Disc Herniation TRAUMATIC, Disc Bulge DEGENERATIVE

Disc Herniation TRAUMATIC, Disc Bulge DEGENERATIVE



There continues to be significant debate in the medical-legal arena in relating imaging findings to CAUSALITY. When there is a traumatic event and clinical findings indicate the need for MRI, correlating those objective findings to the event is what causality is all about. A paper by Fardon and Milette (2001) sought to unify the naming (nomenclature) of disc pathology. They went to great lengths to include every possible type of disc appearance and what they looked like on MRI. The problem is that radiologists are only concerned with how things “look,” also called morphology. The academic side of radiology has names for every possible configuration of disc pathology, but in the medical-legal world, we are concerned with only ONE thing… If there is disc pathology present, is it related to the traumatic event or was it pre-existing? That is it… the problem is that many in the medical-legal community continue to try and find answers about how the disc pathology “looks” (morphology) instead of how it was “caused” (etiology). Think of it this way; morphology is the noun and etiology is the verb. You can spend an eternity reading radiology research, but it is only focused on morphology. That is why there is so much debate. We are trying to turn a noun, morphology, into a verb, etiology, and it is causing confusion.

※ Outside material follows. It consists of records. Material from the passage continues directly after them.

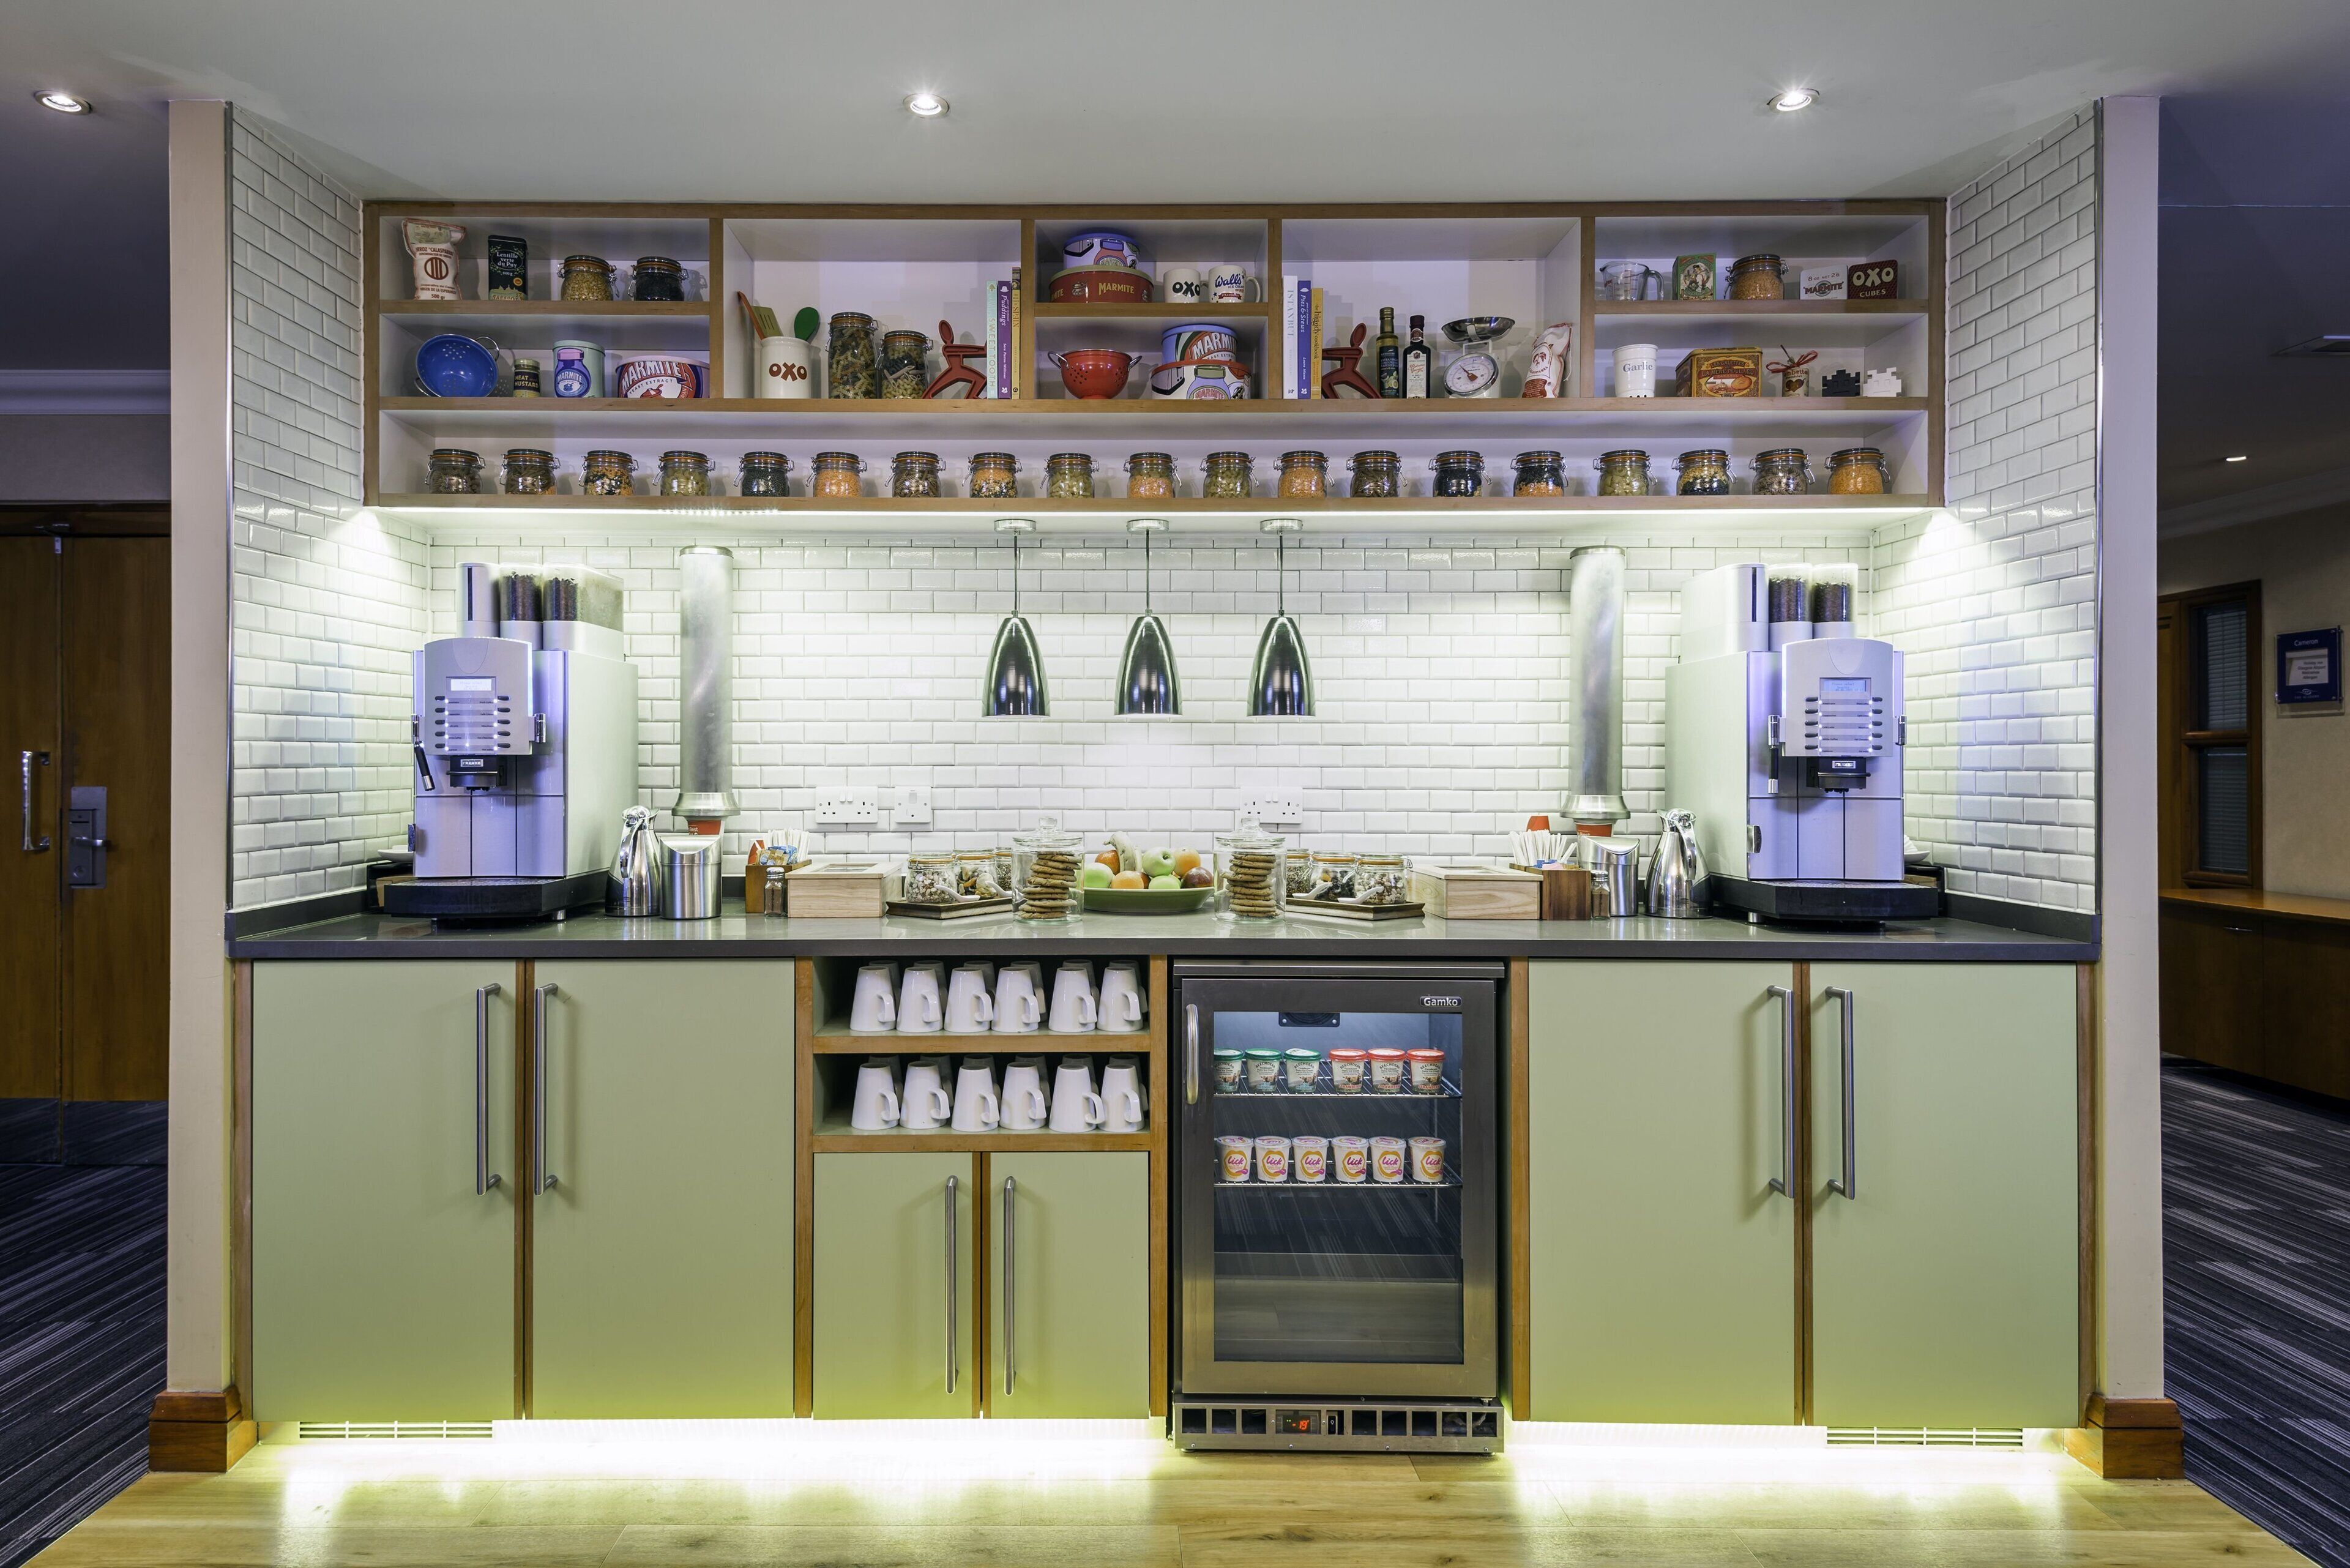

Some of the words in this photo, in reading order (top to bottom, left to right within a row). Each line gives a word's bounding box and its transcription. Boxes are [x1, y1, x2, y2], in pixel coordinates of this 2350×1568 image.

[1215, 274, 1242, 288] Wall's
[1852, 267, 1894, 287] OXO
[1099, 282, 1135, 296] MARMITE
[1173, 280, 1201, 297] OXO
[1859, 289, 1886, 297] CUBES
[1311, 311, 1322, 335] higgidy
[1193, 332, 1237, 360] MARMIT
[769, 362, 807, 381] OXO
[1623, 362, 1653, 373] Garlic
[558, 371, 583, 383] MARMITE
[622, 360, 682, 395] MARMITE
[629, 384, 644, 395] YEAST
[1195, 387, 1225, 399] MARMITE
[1423, 998, 1458, 1006] Gamko

When we get down to the foundation of identifying and documenting causality related to the intervertebral disc, there is a special set of circumstances that needs to be identified and learned; how the intervertebral disc “responds” to biomechanical forces. What that means is what marker is associated with a single burst of energy through the disc such as in a car accident or fall, and what marker is present when the disc is subjected to forces a little at a time over a long period, as in a degenerative disc? The marker we are looking for is a tear in the annulus fibrosis. This can be identified either by seeing the tear on MRI or discogram or by how the disc behaves in the presence of a tear. Any type of tear can change the shape of the disc. If we look at etiology, there are two main causation categories of annular tearing, traumatic and degenerative. When we look at morphology, there are many.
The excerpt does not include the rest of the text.